Harper Valley P.T.A. (1978)
There is hardly a worse idea than to base an entire film on a country song. But in the late '70s and early '80s there was a small batch of said films that were taken from hit "story-songs", all of which ranged from pointless to plain horrid. See The Night the Lights Went Out in Georgia, Ode to Billy Joe, Convoy, Take This Job and Shove It or any others to prove my point. One of the worst of the batch was definitely Harper Valley P.T.A..
For those who may not be familiar with the hit song by Jeanie C. Riley, here is a quick synopsis: Junior High school girl gets letter from P.T.A. which states that her mama wears her skirts too high and runs around with men, drinking, carrying on and is an unfit mother. Mama goes to the P.T.A. meeting and calls out all of the members as being hypocrites, exposing their dirty secrets to the whole auditorium. Thus, that's how she "socked it to the Harper Valley P.T.A.". End of song. So, I watched this movie wondering how they could possibly stretch this extremely thin story into feature length. Imagine my surprise when the entire plot of the song was over and done with within the film's first 15 minutes!
Barbara Eden (yes, Jeannie, that one we dreamed of) stars as Stella, the mama in question. Her daughter, Dee, brings home the P.T.A. letter which inspires her revenge. With the help of her friend Alice (Nanette Fabray) she finds out all of the P.T.A. council's secrets. At the next meeting, Stella jumps the stage and tells of everyone's dirty secrets, then she and Dee leave. And we still have an hour and fifteen minutes left to go!
Needless to say, the rest of the movie is just too awful to be believed, just an endless, repetitive series of would-be zany gags, and emphasis on the word "gag". You see, after the P.T.A. meeting, the council attempts to drive Stella out of town, so she concocts her revenge against them. The movie goes into a braindead cycle: someone slights Stella, she and Alice exact revenge....over and over and over until all of the council has been put in their place and Stella wins the presidency of the P.T.A.
First, Stella causes the rich-bitch current P.T.A. president to lose her hair (through Alice, who is a beautician) all the while in disguise as one of her maids at a dinner party. When the rich-bitch realizes she's bald, she screams. Then the camera goes into freeze-frame and we hear an instumental warbling of the theme song. And this is repeated again and again. Stella entices one man into a motel room and then locks him out naked where he is picked up by the cops (Freeze-Frame, theme song). She films another female teacher having sex with the mailman and then slips in the film during that teacher's class where the students see it (Freeze-Frame, theme song). She steals several elephants from the circus, paints them pink and sends them crashing through another councilman's house (I kid you not) (Freeze-Frame, theme song). You get my point.

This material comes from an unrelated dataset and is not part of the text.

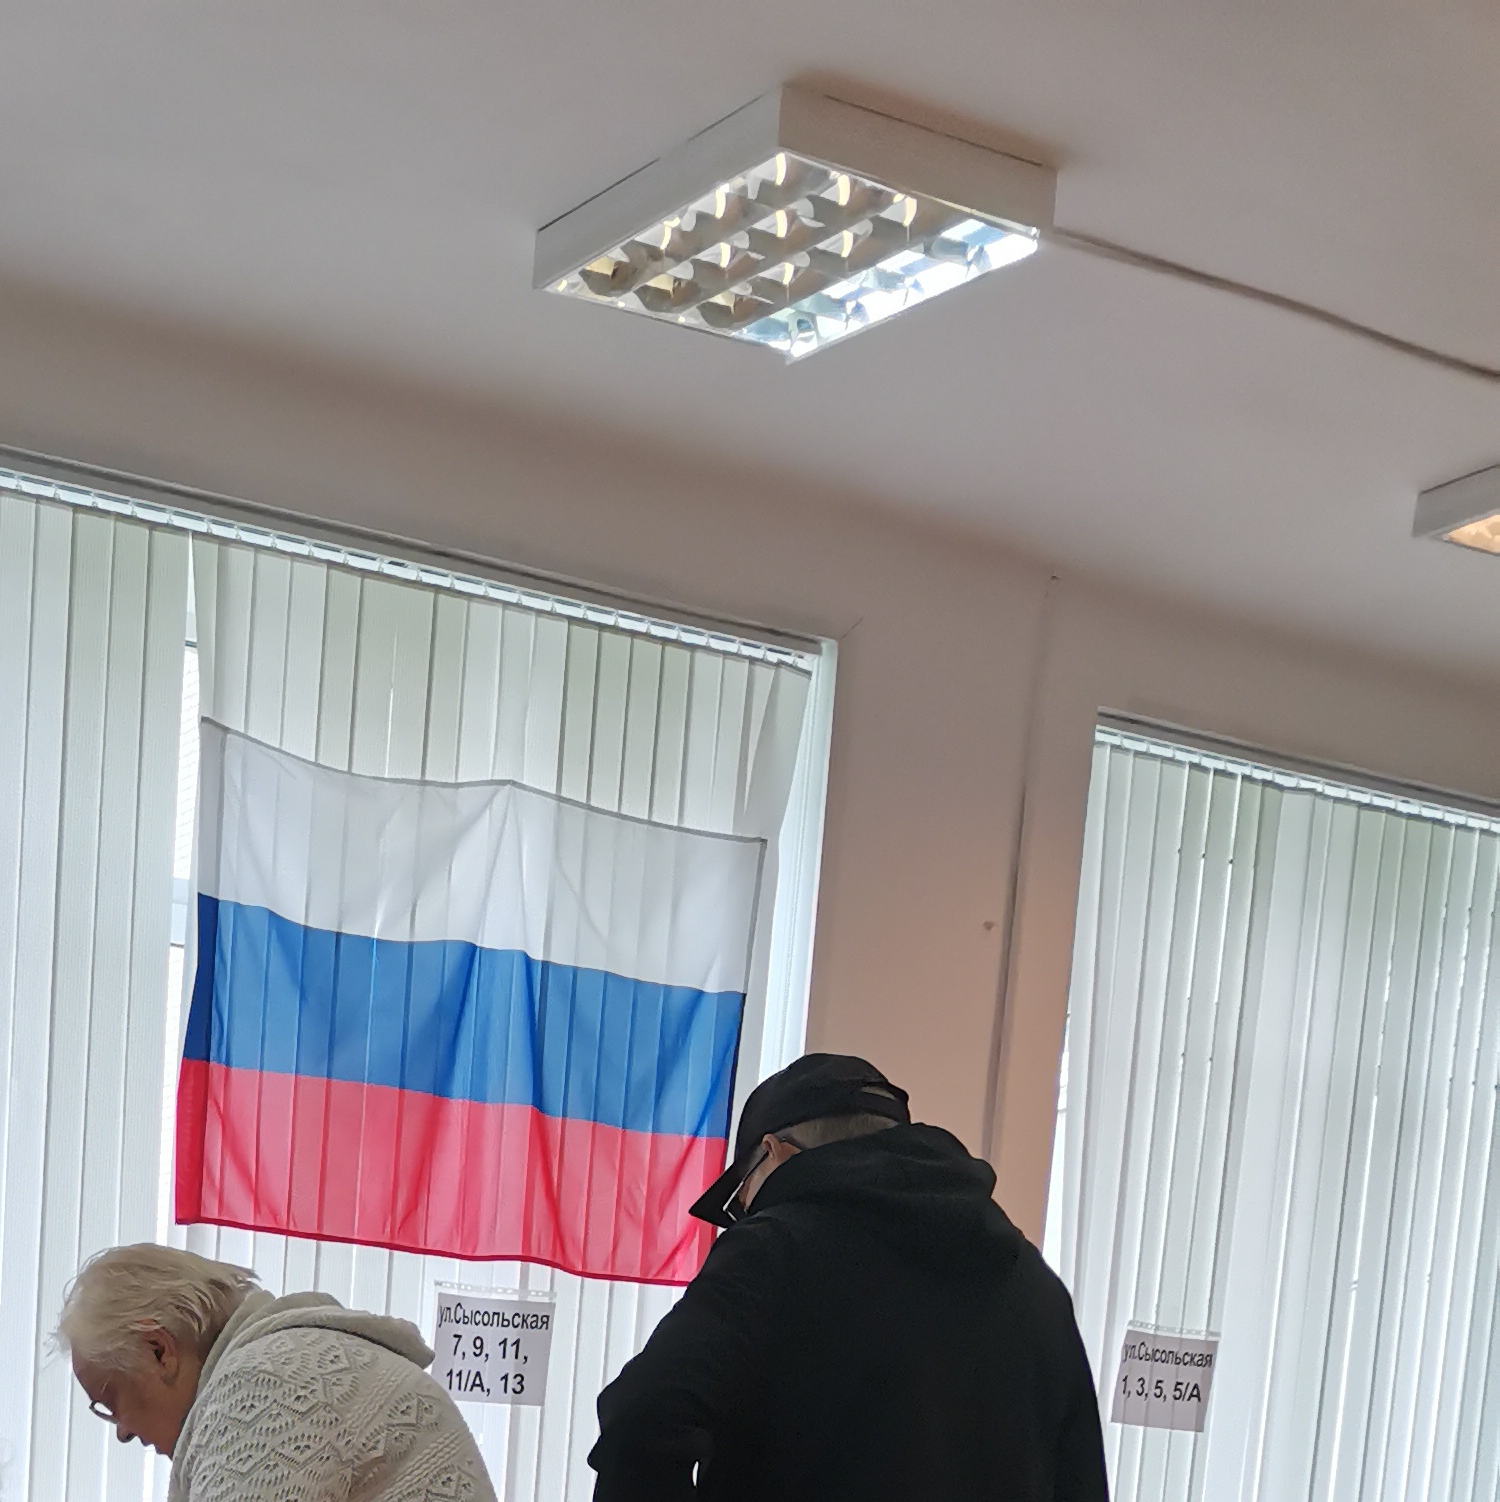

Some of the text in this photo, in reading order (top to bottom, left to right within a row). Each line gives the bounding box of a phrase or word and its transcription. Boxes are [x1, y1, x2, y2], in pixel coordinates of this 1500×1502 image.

[452, 1333, 528, 1365] 7, 9, 11,
[446, 1368, 525, 1397] 11/А, 13
[1121, 1374, 1202, 1404] 1, 3, 5, 5/А

It's amazing what this woman can do!! Not only can she disguise herself as a maid, or as a nun, but she is able to shanghai circus elephants, slip films into the school (knowing of course, exactly what film will be shown to what class on which day apparently memorizing the course preparations for every teacher in the school), and....oh but why go on.
This movie just has no reason to even exist. But since it did exist, why couldn't the filmmakers and screenwriters at least TRY to put a little wit and intelligence into it? The so-called comedy here is just so inane, so lobotomized, as to defy description. The film even looks cheap and slipshod, with continuity errors, logical flaws and editing mishaps that remind one of a student-film that didn't get a particularly good grade.
The acting is marginal I guess, but not a whole lot is required when you have a screenplay like this. Barbara Eden is likable enough, but the screenplay makes the even bigger mistake of trying to turn her and Nanette Fabray's characters into sub-basement versions of Lucy and Ethel. Seriously! Eden will get an idea and her eyes light up, then Fabray will say something like "I don't like that look in your eyes! I won't help you this time!"..then they go on their zany adventure, stealing elephants or loading up cars with horse manure. Haw haw.
Harper Valley P.T.A. is one for the Jeff Foxworthy crowd. It's simply a total waste of your memory banks. If you've forgotten all about this useless film, count yourself lucky.